The effect of three-dimensional structure on the solid state isotope exchange of hydrogen in polypeptides with spillover hydrogen

Abstract

The effect of the three-dimensional structure of polypeptides and proteins on their ability to undergo isotopic exchange under the action of spillover hydrogen (SH) in the high temperature solid state catalytic isotope exchange reaction (HSCIE) was theoretically and experimentally studied. The HSCIE reaction in the β-galactosidase protein from Thermoanaerobacter ethanolicus (83 kDa) was studied.

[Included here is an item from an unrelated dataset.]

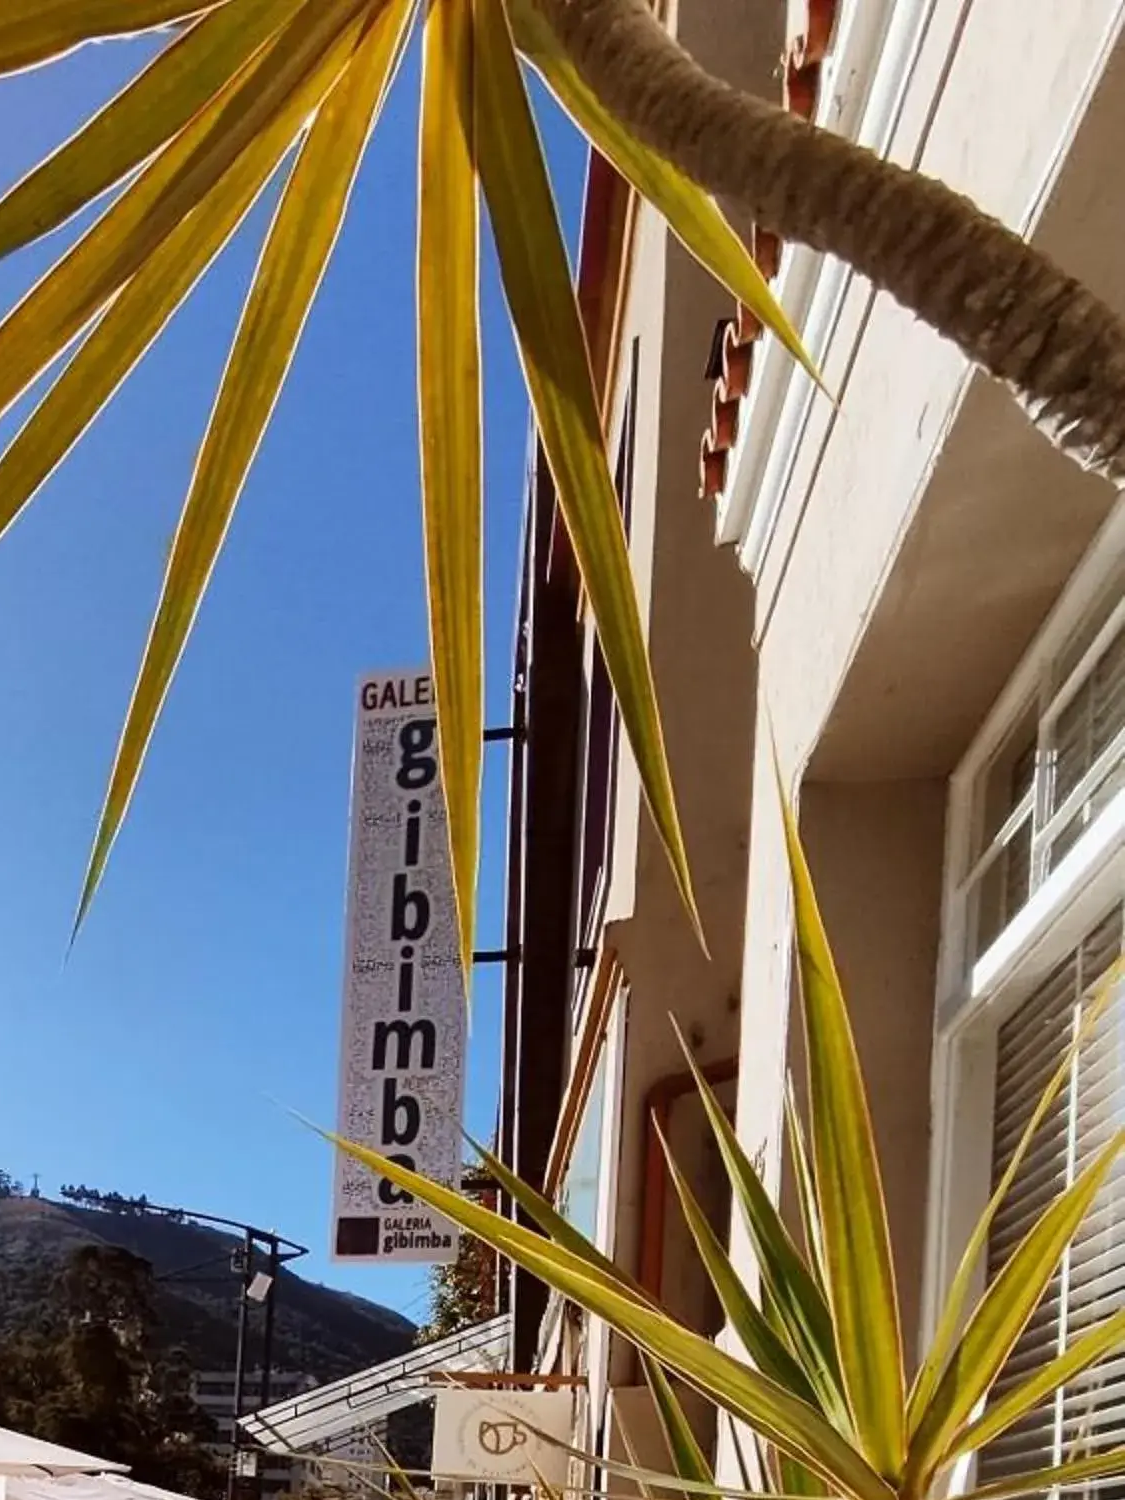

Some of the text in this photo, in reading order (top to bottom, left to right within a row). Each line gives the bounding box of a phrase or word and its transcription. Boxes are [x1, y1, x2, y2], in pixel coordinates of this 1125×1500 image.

[361, 676, 436, 711] GALE
[384, 1217, 432, 1231] GALERIA
[383, 1231, 452, 1254] gibimba

The influence of the β-galactosidase structure on isotopic exchange as peptide fragments with spillover tritium was studied. The most accessible peptide fragment, which does not contribute to α-helix and β-strand formations (KEMQKE215–220), had the largest relative reactivity. The one located in the contact area between the subunits (YLRDSE417–422) showed the smallest relative reactivity. The relative reactivities of these peptides differ more than 150 times. Data collected during a study devoted to the HSCIE reaction of the β-galactosidase protein indicate that the HSCIE reaction might be employed for acquiring information about their three-dimensional structure and protein-protein interactions. The results of ab initio calculations have shown that α-helix formation in polypeptides decreases the reactivity in HSCIE. Hydrogen exchange in the α-helical fragment Trp1–Leu8 of zervamycin IIB was also analyzed using theoretical methods. It was shown by ab initio quantum-chemical calculations that the high degree of substitution of C αH for tritium in Gln3 might be associated with the participation of electron donor O and N atoms in transition state stabilization in the HSCIE reaction.